On 03/11/2015 05:44 PM, Michael Samuel wrote:
> On 12 March 2015 at 02:48, Kurt Seifried <kseifried@...hat.com> wrote:
> 
>> Much like /tmp issues the solution that will save us is not to fix every
>> /tmp issue but rather do more intelligent things like poly instantiated
>> tmp or systemd per process tmp. Sadly I don't see such an easy
>> possibility with TLS/SSL, but if we have a decent test
>> framework/reproduction ability it will make finding, fixing and
>> verifying these things a whole lot easier long term.
> 
> You can test for the common bugs extremely easily - you need two types of
> bogus certificate installed on the server:
> - A completely untrusted (eg. self-signed) certificate
> - A certificate signed by a trusted authority but for the wrong hostname

If only it were so simple. Seriously, life would be awesome.

What about expired certificates?
What about certificates that are properly signed but not yet valid?
What about a certificate signed for the correct hostname by a system
trusted CA? (some apps are supposed to only trust a specific CA).

These are all very common issues.

But those would never happen right?
http://www.cve.mitre.org/cgi-bin/cvekey.cgi?keyword=expired+certificate

But we're also dealing with bad guys right? If we assume they can man in
the middle we have to assume they are at least semi competent (e.g. they
know how to run Tapioca or nogotofail).

So what about mangled certs that make the system go all wibbly wobbly?

That never happens right?
http://www.cve.mitre.org/cgi-bin/cvekey.cgi?keyword=invalid+certificate

And then on the more complicated/operational side:

What about intermediate certificate issues/chains/etc?
What about weak protocols?
What about weak ciphers?
What about weak keys?
What about specifically bad keys (https://wiki.debian.org/SSLkeys)?
What about overly broad certs used by interceptors (like *.com, *.*)
What about checking certificate constraints?

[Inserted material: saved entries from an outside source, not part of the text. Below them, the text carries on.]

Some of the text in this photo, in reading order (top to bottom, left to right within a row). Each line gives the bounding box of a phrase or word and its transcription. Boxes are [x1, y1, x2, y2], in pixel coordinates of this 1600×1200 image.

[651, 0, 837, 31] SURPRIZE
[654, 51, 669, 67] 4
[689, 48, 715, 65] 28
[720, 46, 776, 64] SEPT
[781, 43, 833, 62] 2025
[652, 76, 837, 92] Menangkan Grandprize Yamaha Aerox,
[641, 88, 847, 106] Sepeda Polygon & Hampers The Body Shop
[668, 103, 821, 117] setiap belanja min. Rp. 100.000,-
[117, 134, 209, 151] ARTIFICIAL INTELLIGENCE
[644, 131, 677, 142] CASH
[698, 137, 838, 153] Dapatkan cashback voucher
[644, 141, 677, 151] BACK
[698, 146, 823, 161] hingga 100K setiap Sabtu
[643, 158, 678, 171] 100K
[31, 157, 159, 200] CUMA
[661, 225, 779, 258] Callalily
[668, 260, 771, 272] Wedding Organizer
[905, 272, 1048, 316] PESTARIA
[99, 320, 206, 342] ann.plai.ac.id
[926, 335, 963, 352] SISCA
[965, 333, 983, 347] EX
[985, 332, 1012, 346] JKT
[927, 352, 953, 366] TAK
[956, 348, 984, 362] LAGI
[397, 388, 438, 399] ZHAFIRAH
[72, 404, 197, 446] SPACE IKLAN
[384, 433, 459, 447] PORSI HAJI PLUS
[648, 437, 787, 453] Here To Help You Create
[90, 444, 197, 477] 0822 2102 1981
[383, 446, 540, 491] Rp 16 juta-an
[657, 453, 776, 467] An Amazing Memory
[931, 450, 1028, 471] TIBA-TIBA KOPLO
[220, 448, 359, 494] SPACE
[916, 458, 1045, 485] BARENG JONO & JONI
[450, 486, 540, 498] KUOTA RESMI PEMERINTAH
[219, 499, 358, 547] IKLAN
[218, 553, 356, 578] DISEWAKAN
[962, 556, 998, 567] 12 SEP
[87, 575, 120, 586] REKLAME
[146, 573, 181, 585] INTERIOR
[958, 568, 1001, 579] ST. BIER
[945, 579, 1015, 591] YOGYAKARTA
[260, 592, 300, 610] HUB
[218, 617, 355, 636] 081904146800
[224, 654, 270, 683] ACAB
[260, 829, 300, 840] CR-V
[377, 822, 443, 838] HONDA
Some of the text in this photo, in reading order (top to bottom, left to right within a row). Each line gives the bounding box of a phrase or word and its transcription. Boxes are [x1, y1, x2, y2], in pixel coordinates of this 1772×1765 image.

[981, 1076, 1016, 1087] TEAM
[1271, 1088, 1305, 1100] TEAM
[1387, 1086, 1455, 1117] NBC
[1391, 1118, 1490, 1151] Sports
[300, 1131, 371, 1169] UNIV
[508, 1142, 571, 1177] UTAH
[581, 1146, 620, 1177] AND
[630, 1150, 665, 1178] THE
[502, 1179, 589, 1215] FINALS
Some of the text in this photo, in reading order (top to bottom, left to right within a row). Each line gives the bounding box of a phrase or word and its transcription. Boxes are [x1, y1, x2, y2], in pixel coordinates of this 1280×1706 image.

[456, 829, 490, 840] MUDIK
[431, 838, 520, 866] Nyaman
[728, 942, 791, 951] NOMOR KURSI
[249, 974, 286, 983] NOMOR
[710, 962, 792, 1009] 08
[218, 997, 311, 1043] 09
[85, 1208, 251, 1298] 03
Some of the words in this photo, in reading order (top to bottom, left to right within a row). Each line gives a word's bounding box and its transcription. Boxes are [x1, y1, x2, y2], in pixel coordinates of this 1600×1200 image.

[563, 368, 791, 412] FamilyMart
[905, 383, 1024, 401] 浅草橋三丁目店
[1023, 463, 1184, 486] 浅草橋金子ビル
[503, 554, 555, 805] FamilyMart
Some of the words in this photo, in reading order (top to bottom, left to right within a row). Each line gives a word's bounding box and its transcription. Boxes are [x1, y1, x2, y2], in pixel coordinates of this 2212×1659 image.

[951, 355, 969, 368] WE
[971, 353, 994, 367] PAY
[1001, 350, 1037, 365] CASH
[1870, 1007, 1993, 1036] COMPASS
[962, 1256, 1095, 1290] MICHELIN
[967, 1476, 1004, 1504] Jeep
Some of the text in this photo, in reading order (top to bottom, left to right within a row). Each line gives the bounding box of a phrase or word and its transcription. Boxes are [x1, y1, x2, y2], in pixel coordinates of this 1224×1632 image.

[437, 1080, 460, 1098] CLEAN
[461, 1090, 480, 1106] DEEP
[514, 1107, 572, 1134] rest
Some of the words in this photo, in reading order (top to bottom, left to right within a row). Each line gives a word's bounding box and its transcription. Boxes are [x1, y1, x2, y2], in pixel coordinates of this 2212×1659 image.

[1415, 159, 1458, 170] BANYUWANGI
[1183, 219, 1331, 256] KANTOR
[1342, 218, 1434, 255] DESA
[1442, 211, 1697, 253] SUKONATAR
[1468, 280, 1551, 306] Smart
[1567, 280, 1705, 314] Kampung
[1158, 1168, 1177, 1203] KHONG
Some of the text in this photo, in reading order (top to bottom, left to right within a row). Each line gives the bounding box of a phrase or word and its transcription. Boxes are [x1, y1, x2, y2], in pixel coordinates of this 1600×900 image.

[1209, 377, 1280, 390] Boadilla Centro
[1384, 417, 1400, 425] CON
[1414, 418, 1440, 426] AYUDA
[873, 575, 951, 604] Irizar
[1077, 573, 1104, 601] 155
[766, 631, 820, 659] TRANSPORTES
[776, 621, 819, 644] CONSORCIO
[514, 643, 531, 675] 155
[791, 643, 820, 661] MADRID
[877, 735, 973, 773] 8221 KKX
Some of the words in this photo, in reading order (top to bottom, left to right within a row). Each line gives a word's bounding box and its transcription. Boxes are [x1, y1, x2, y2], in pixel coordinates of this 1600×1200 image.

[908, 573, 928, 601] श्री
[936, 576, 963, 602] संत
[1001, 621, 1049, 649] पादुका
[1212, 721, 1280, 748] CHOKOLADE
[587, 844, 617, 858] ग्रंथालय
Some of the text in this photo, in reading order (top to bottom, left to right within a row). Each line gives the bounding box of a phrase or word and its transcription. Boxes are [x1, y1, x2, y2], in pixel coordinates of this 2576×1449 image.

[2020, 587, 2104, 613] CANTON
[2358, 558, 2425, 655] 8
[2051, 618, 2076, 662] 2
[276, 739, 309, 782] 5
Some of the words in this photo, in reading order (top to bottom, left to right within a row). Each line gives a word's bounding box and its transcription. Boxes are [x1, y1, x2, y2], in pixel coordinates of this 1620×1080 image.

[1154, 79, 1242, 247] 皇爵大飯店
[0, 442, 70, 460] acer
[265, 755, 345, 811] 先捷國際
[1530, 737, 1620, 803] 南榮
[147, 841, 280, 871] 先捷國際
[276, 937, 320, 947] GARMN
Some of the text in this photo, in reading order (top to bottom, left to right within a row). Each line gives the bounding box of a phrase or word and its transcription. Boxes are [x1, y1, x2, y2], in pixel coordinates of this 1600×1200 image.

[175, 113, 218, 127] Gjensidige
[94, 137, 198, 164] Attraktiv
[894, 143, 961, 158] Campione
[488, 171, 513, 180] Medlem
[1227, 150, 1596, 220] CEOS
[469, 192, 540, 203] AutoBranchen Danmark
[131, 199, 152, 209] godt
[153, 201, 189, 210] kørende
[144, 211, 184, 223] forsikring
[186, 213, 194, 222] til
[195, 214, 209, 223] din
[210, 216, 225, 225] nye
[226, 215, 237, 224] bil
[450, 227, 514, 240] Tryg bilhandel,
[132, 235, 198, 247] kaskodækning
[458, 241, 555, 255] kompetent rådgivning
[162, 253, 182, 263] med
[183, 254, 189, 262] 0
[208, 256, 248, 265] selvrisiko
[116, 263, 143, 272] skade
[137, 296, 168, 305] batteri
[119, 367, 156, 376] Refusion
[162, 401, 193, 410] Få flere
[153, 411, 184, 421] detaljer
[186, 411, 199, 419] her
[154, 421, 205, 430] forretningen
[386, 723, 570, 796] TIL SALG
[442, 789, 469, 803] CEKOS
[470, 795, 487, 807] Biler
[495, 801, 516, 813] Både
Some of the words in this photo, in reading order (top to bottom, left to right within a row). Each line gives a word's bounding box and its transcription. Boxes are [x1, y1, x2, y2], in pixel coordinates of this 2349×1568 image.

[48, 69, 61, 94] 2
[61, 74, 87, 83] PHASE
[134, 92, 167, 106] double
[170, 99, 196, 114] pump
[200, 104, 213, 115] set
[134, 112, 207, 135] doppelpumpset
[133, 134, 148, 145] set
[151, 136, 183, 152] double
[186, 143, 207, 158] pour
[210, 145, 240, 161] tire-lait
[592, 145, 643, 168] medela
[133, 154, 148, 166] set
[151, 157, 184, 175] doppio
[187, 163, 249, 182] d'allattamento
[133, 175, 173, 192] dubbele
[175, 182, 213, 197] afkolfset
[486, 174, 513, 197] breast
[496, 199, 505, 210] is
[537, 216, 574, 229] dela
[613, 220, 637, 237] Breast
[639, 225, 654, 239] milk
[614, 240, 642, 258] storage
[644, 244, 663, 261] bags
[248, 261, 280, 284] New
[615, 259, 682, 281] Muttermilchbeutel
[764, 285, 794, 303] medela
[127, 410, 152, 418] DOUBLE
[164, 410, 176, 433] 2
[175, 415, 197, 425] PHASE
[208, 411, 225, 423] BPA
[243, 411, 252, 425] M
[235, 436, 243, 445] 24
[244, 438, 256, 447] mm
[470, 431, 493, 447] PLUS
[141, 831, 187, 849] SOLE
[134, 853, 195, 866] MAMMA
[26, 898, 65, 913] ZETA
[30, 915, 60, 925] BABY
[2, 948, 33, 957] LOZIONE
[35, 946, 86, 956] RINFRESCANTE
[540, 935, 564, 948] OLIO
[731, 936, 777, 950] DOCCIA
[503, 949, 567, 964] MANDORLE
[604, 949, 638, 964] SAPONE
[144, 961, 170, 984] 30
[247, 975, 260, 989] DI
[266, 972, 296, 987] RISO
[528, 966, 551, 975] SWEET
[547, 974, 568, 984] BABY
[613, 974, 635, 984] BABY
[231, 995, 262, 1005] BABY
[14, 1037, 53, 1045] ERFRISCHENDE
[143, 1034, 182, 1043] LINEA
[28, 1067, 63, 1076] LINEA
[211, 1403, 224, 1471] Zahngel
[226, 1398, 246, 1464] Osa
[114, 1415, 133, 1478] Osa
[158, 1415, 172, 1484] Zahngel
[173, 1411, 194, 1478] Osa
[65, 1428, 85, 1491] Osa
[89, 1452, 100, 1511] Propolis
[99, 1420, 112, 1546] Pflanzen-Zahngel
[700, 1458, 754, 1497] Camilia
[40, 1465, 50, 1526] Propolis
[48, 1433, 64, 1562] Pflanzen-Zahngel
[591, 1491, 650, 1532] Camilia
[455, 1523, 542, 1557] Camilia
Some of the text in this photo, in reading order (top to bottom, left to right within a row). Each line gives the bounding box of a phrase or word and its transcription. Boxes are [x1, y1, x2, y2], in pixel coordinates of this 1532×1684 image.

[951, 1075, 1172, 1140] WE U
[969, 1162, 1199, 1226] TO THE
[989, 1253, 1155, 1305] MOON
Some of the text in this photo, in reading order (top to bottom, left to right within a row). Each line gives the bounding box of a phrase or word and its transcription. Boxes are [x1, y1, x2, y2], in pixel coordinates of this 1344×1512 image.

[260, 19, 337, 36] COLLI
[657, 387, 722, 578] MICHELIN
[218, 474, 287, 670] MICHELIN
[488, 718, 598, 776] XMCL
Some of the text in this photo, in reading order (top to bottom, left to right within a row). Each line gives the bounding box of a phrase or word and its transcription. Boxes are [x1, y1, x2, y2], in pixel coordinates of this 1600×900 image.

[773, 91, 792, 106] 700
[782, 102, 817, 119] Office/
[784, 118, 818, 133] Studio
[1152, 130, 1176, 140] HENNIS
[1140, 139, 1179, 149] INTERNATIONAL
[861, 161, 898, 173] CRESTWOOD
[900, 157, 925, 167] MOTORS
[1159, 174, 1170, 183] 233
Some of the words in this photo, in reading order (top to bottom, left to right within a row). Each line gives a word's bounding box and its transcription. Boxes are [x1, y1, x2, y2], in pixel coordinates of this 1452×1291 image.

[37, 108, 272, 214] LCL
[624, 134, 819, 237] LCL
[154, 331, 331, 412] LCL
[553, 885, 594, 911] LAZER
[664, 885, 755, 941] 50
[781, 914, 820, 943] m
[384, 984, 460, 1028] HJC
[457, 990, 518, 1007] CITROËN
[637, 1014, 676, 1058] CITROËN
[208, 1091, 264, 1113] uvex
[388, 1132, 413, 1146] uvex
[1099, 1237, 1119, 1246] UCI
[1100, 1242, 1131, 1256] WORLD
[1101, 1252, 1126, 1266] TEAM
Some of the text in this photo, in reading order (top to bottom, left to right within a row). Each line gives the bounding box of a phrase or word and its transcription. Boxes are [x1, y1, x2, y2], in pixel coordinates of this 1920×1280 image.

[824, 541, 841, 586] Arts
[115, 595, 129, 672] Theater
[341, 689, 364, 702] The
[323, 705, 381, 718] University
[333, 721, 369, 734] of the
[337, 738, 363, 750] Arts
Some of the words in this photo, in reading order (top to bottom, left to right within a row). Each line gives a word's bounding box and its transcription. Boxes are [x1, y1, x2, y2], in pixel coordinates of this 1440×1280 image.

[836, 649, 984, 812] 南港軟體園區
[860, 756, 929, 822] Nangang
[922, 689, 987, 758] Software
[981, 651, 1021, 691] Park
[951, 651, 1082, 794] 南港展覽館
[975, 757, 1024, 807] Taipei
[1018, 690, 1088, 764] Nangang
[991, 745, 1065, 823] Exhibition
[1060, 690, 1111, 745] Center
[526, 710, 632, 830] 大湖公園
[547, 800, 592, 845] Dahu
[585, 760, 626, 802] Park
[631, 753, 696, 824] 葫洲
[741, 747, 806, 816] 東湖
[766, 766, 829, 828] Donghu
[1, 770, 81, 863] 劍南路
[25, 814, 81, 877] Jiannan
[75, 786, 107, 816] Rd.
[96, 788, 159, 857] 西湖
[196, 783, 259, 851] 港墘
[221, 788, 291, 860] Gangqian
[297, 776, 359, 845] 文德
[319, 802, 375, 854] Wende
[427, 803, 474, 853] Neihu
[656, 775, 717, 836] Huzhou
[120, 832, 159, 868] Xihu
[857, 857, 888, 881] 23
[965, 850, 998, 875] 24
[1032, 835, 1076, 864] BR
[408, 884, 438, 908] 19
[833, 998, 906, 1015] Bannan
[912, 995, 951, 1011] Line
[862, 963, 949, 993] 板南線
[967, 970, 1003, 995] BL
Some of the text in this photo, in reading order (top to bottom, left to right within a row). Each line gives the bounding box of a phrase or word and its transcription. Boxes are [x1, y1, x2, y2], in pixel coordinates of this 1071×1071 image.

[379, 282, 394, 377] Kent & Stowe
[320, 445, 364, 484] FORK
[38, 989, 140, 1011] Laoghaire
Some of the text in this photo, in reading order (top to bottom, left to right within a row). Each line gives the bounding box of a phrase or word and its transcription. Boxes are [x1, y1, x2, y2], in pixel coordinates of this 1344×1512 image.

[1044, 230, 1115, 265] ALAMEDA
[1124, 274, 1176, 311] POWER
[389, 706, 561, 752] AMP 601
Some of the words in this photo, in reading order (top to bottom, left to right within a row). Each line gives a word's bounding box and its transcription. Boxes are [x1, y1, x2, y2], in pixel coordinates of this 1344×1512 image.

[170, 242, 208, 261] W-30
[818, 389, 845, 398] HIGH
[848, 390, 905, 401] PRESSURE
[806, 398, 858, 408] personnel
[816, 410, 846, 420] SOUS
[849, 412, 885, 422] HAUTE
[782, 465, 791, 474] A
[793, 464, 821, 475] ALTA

http://www.cve.mitre.org/cgi-bin/cvekey.cgi?keyword=intermediate+certificate
http://www.cve.mitre.org/cgi-bin/cvekey.cgi?keyword=certificate+constraints

FREAK, etc.

And those are just off the top of my head. There's a whole deep rabbit
hole full of angry ... things. I don't know because I don't want to
stick my head into it.

Also we'll conveniently ignore the CA issues. Diginotar et al.

Properly testing this even to a half hearted degree is very non trivial.

And if you talk to people that actually know SSL/TLS (I just pretend to
understand it) ... well if you've ever seen a train wreck in slow motion
you know what it's like.

> It's not too hard to test SSH connections in a similar manner (just regen the
> ssh host keys after the first connection).

Again if only it were so simple.
http://www.cve.mitre.org/cgi-bin/cvekey.cgi?keyword=ssh+key

> Alternatively, you could make your OpenSSL modules for various languages
> return client ctxs that verify by default - the topic of this discussion :)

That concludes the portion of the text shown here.